## ACTION ITEM
Write out all of the records precisely. Skip anything that is a picture.

## THE DATA

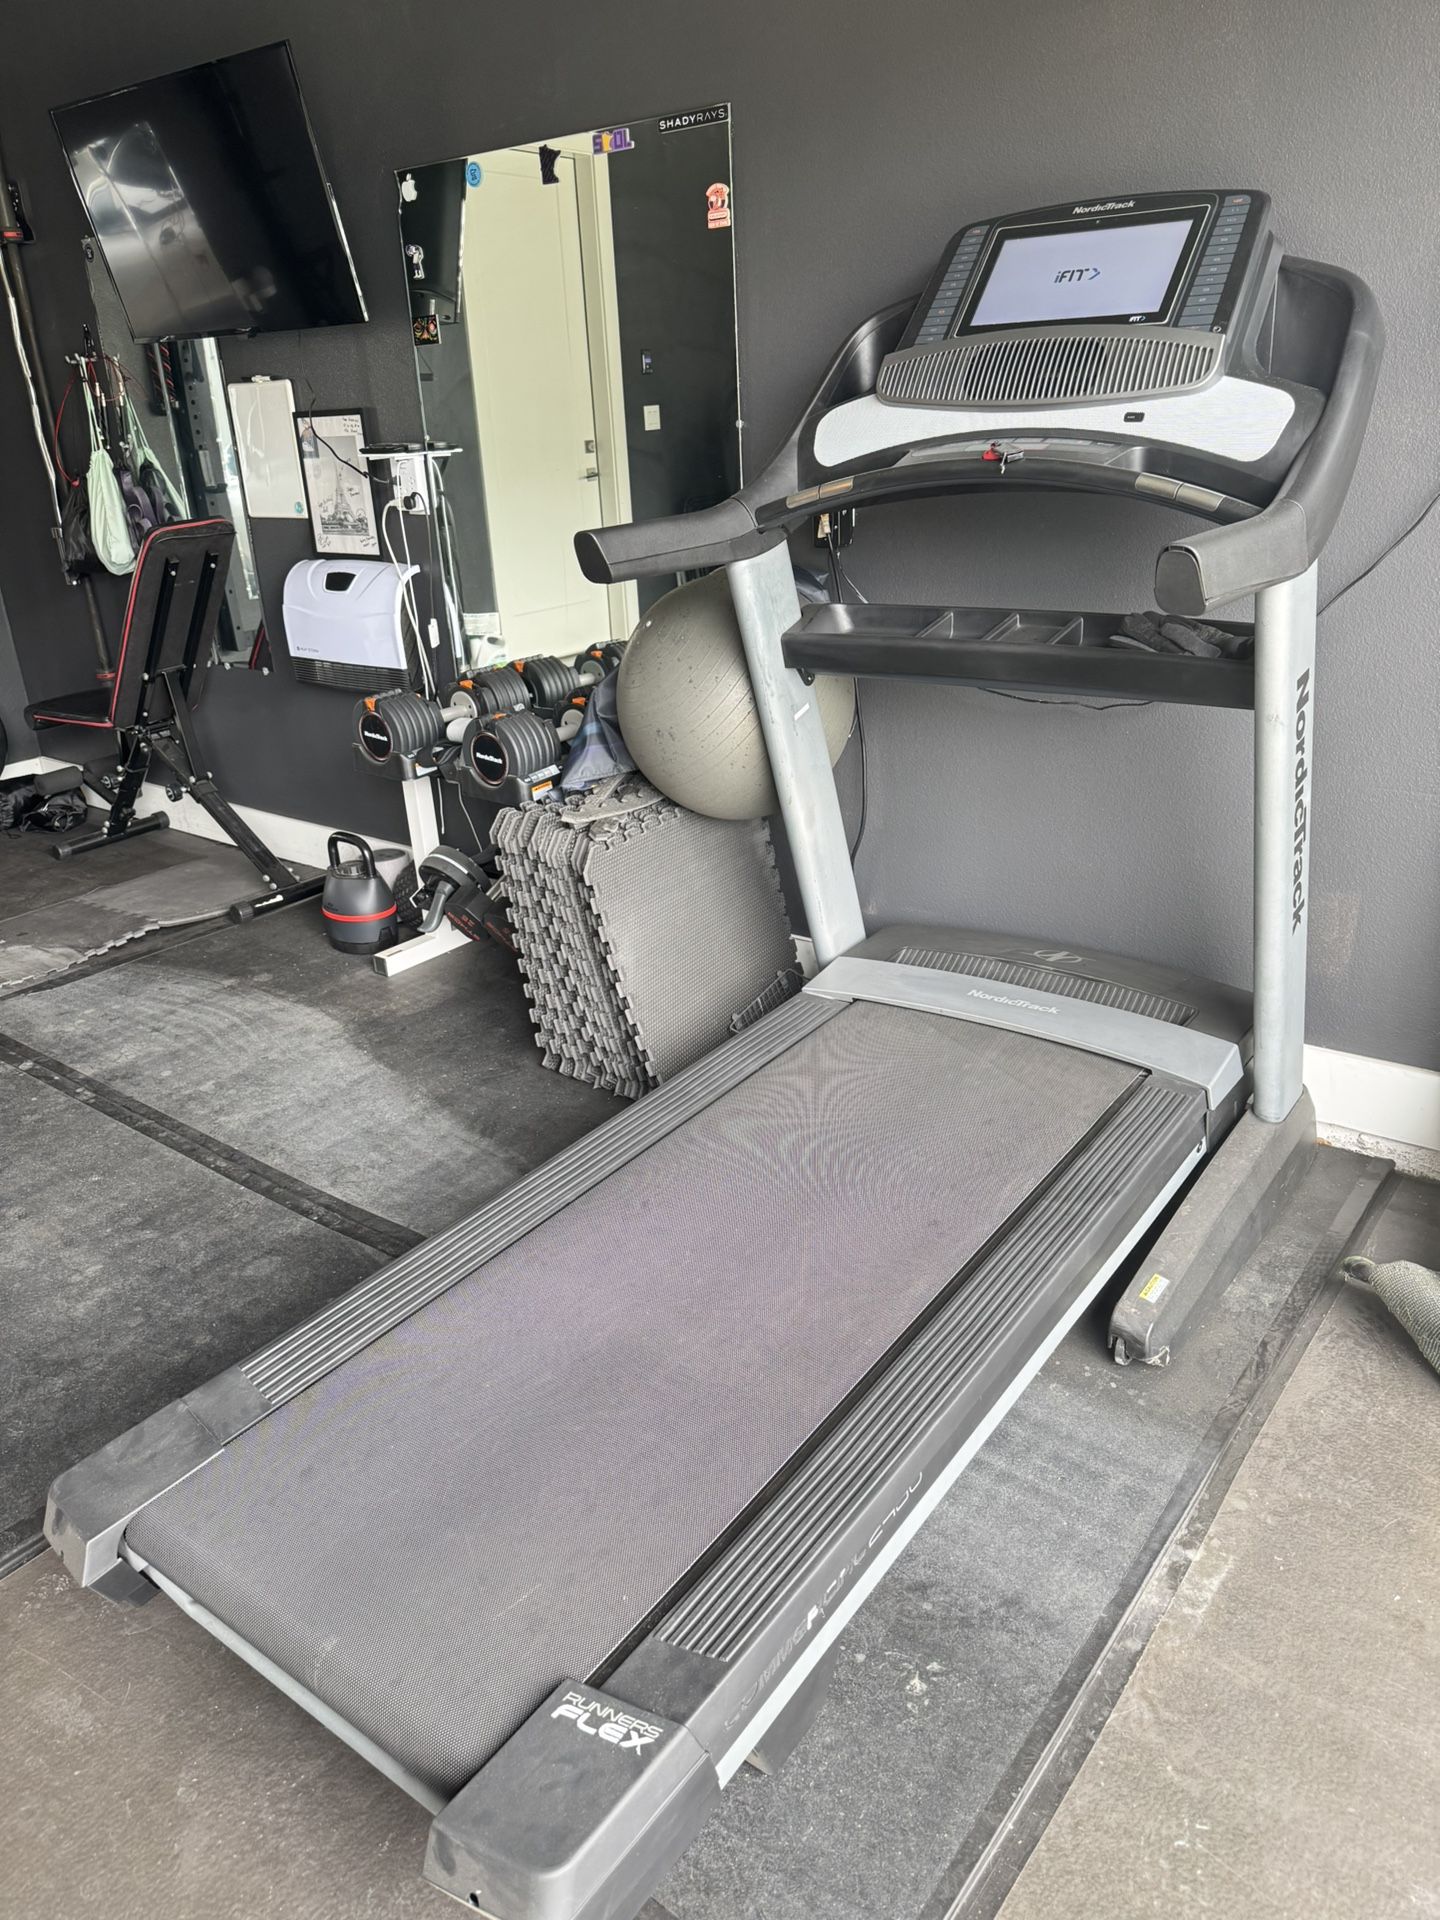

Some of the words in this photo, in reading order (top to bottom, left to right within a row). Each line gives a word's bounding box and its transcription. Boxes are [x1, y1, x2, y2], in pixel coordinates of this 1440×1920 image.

[659, 109, 725, 130] SHADYRAYS
[1072, 200, 1136, 215] NordicTrack
[1054, 267, 1089, 283] iFIT
[1292, 668, 1310, 936] NordicTrack
[967, 989, 1061, 1015] NordicTrack
[562, 1691, 664, 1738] RUNNERS
[550, 1704, 655, 1756] FLEX
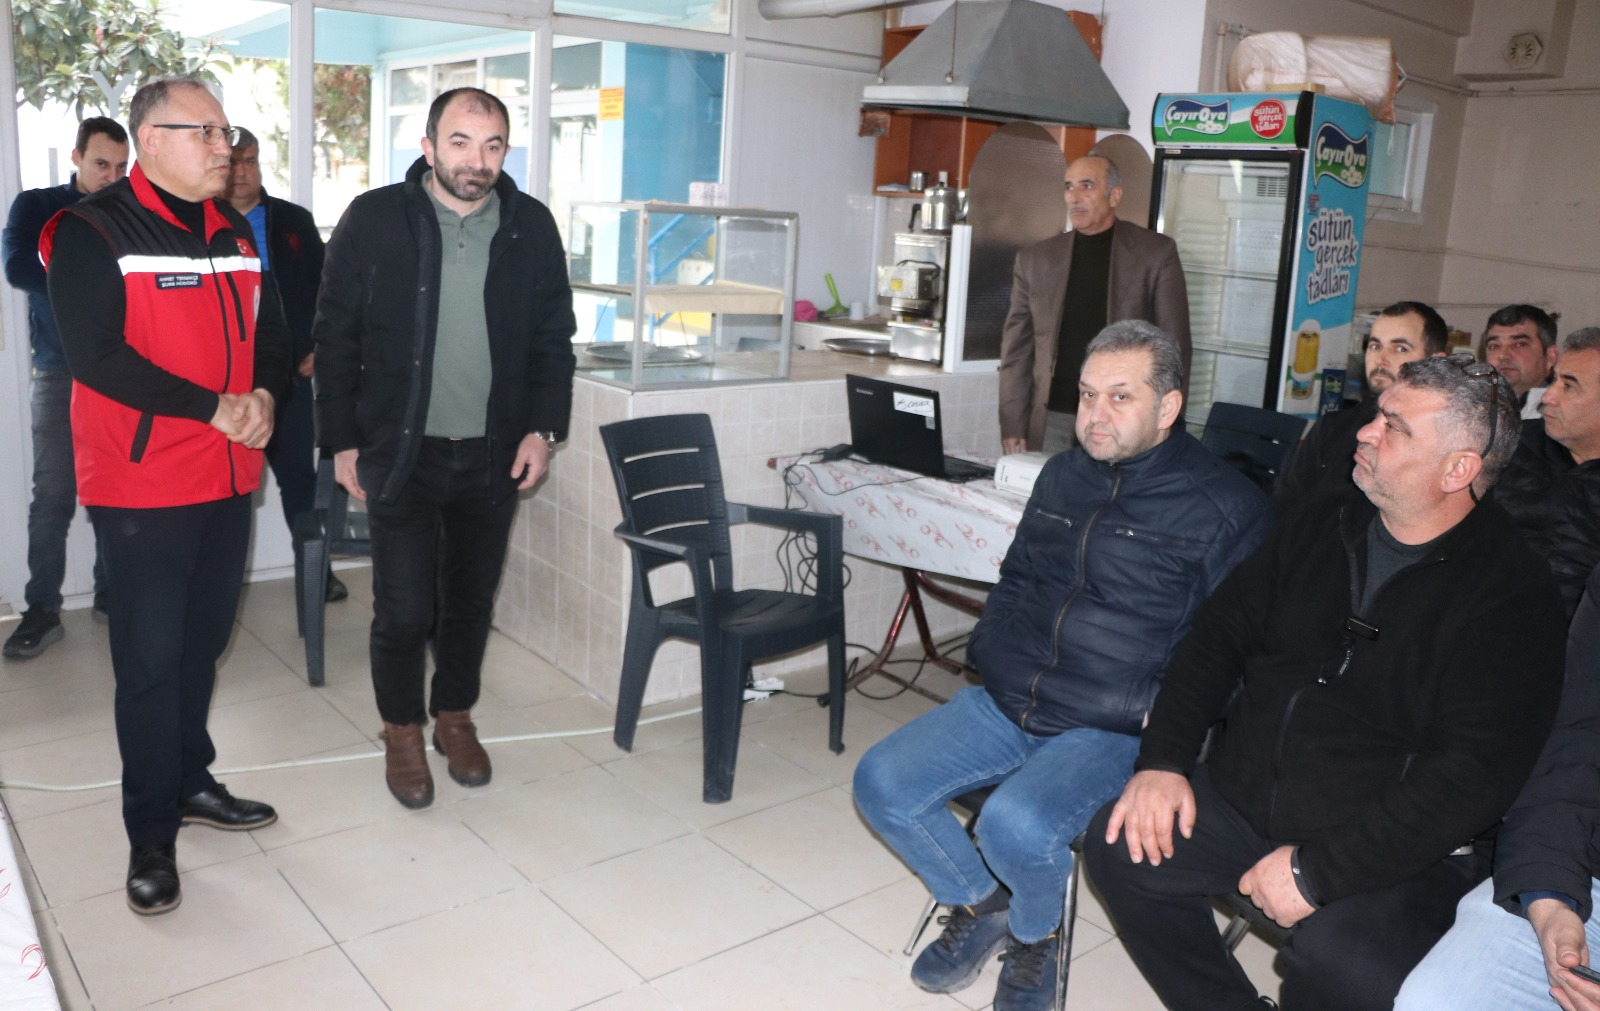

## SOLUTION FOR THIS TASK
Some of the words in this photo, in reading order (top to bottom, left to right within a row). Each line gives a word's bounding box and its transcription. Boxes are [x1, y1, x2, y2], in pixel coordinates of this 1440×1920 image.

[659, 109, 725, 130] SHADYRAYS
[1072, 200, 1136, 215] NordicTrack
[1054, 267, 1089, 283] iFIT
[1292, 668, 1310, 936] NordicTrack
[967, 989, 1061, 1015] NordicTrack
[562, 1691, 664, 1738] RUNNERS
[550, 1704, 655, 1756] FLEX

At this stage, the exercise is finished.